[27] The western arm of Tampa Bay, known as Old Tampa Bay.

[28] With forty men and a dozen horses.

[29] In the letter addressed by the survivors to the Audiencia of Santo Domingo (Oviedo, Historia General y Natural de las Indias, III., cap. i. 583, Madrid, 1853), it is stated that when the natives were asked whence came these intrusive articles, which included also some pieces of shoes, canvas, broadcloth, and iron, they replied by signs that they had taken them from a vessel that had been wrecked in the bay. Compare also cap. VII. 615. It has been suggested that possibly the objects may have come from the vessel which Lucas Vazquez de Ayllon lost in 1526, but as this wreck occurred at the mouth of Cape Fear River, on the southern coast of North Carolina, it does not seem likely that they could have been derived from this source. That natives of the West Indies had intercourse by canoe with Florida, and that an Arawakan colony was early established on the southwest coast of the peninsula, is now well established.

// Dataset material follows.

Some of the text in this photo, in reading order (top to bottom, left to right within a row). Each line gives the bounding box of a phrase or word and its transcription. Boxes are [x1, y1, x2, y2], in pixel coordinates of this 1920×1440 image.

[30] The Apalachee were one of the Muskhogean tribes that occupied northwestern Florida from the vicinity of Pensacola eastward to Ocilla River, their chief seats being in the vicinity of Tallahassee and St. Marks. In 1655 they numbered six or eight thousand, but about the beginning of the eighteenth century they were warred against by the Creeks, instigated by the English of Carolina, and in 1703 and 1704 expeditions by English troops, reinforced by Creek warriors, resulted in the capture and enslavement of about fourteen hundred Apalachee and in practically exterminating the remainder. The town of Apalachicola, on the Savannah River, was inhabited by Apalachee refugees colonized later by the Carolina government, but these were finally merged with the Creeks. Appalachee Bay and the Appalachian Mountains derive their names from this tribe.

[31] "Apalachen," as above, in the edition of 1542 (Bandelier translation).

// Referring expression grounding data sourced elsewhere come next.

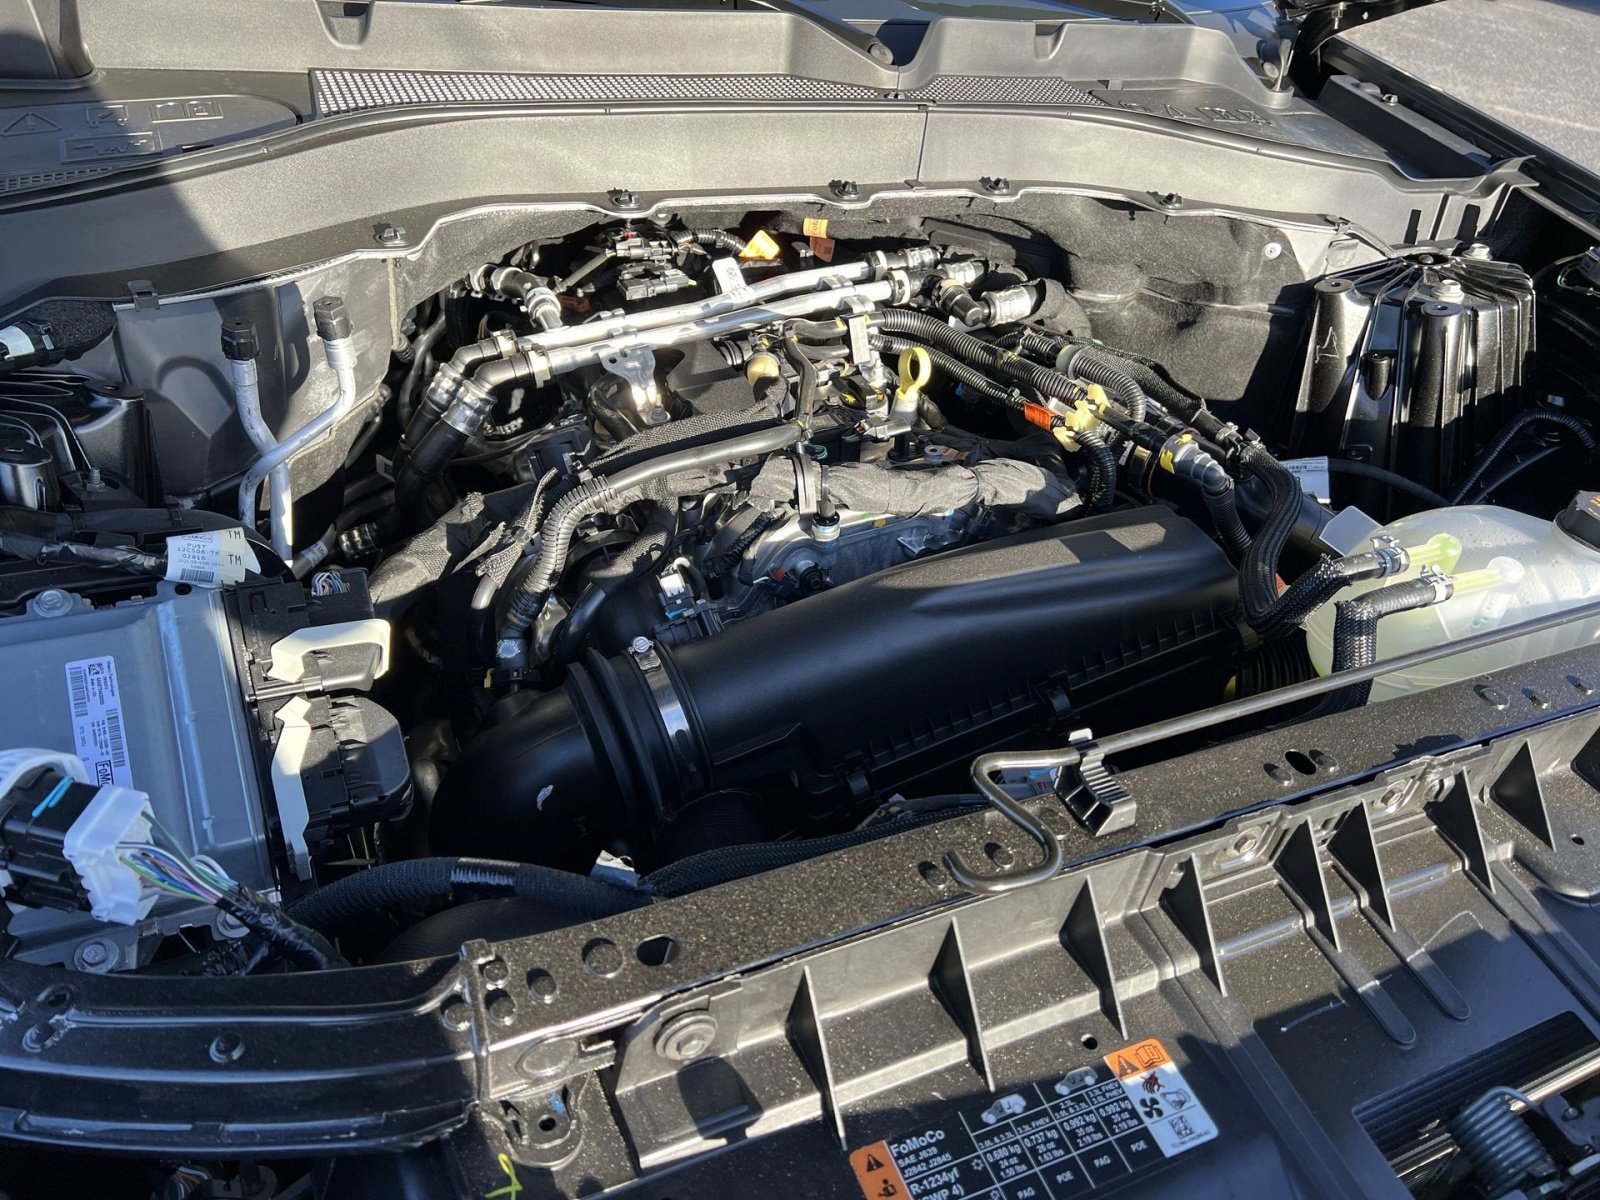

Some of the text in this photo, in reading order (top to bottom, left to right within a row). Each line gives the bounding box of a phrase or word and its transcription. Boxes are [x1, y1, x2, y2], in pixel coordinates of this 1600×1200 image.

[228, 530, 241, 540] TM
[228, 554, 242, 566] TM
[1088, 1088, 1102, 1098] 3.3L
[1105, 1087, 1123, 1099] PHEV
[1098, 1100, 1132, 1118] 0.992 kg
[1120, 1111, 1131, 1120] oz
[1063, 1113, 1097, 1131] 0.992 kg
[1126, 1118, 1139, 1128] lbs
[1085, 1125, 1095, 1133] oz
[890, 1130, 945, 1157] FoMoCo
[1024, 1129, 1059, 1148] 0.737 kg
[1091, 1132, 1103, 1142] lbs
[1008, 1144, 1022, 1154] kg
[1046, 1141, 1056, 1150] oz
[1130, 1139, 1148, 1153] POE
[898, 1146, 938, 1168] SAE J639
[1052, 1148, 1065, 1159] lbs
[904, 1152, 952, 1178] J2842 J2845
[999, 1156, 1019, 1169] 24 oz
[1093, 1155, 1111, 1168] PAG
[1000, 1164, 1028, 1179] 1.50 lbs
[1056, 1170, 1074, 1184] POE
[909, 1166, 960, 1196] R-1234yf
[952, 1183, 965, 1197] 4)
[1017, 1186, 1036, 1200] PAG
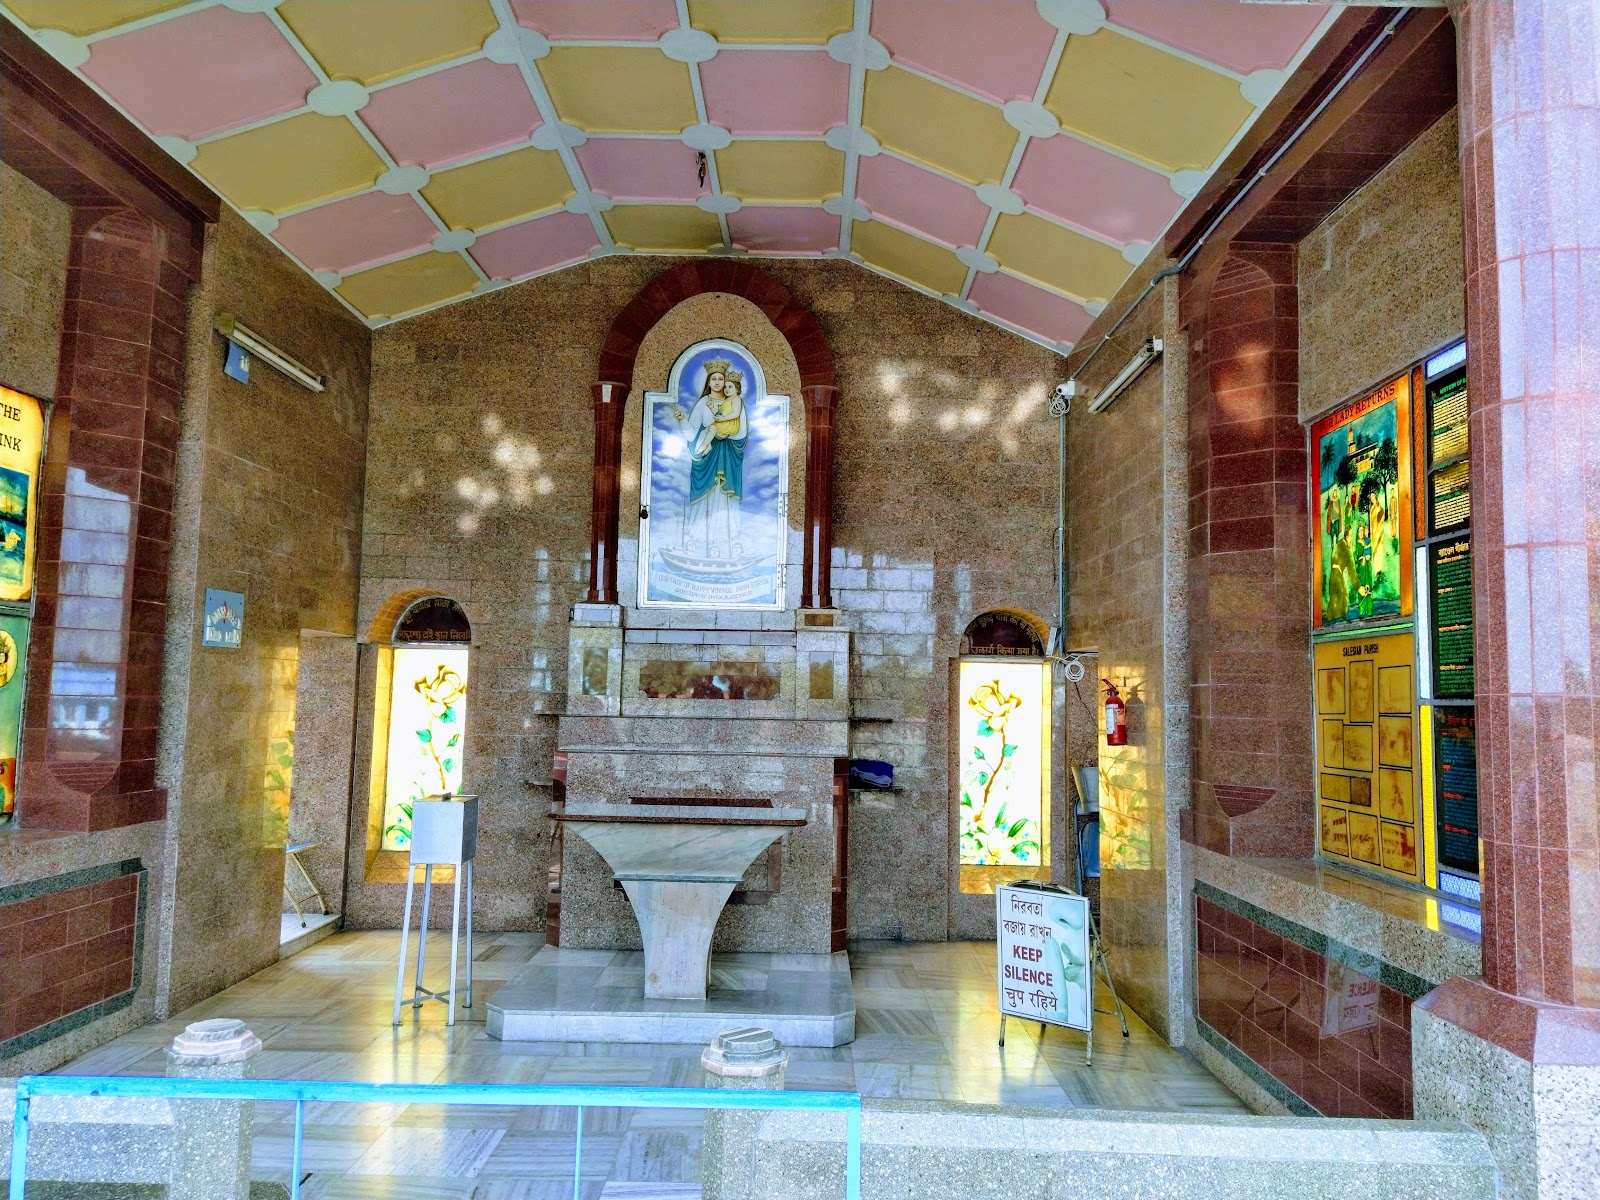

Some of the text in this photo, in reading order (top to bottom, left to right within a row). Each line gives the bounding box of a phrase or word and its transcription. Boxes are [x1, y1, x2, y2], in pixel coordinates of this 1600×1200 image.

[1334, 405, 1355, 427] LADY
[1355, 383, 1395, 414] RETURNS
[670, 577, 684, 586] LADY
[691, 584, 711, 593] HAPPY
[736, 583, 750, 592] PRAY
[751, 579, 762, 588] FOR
[996, 643, 1015, 655] किया
[1016, 647, 1030, 656] गया
[1364, 643, 1379, 654] PARISH
[1010, 894, 1043, 917] নিরবতা
[1003, 919, 1052, 944] বজায় রাখুন
[1012, 944, 1043, 963] KEEP
[1004, 964, 1053, 987] SILENCE
[1005, 987, 1058, 1011] चुप रहिये

[32] The Spanish league varied greatly, but in these early narratives the judicial league, equivalent to 2.634 English miles, is usually meant. Distances, however, while sometimes paced, were generally loose guesses, as is often shown by the great disparity in the figures given by two or more chroniclers of the same journey.

[33] "Jerónimo de Albaniz" in the edition of 1542 (Bandelier translation).

[34] Fray Juan Xuarez.

[35] Buckingham Smith has "Sunday," translating Sábado ("Sabbath") literally; the Christian Sabbath is the Spanish Domingo.

[36] The Letter (Oviedo, 584) says two hundred and sixty men afoot and forty horsemen. References to the Letter to the Audiencia of Santo Domingo will henceforth be cited simply as Oviedo, in whose work it appears (see the Introduction).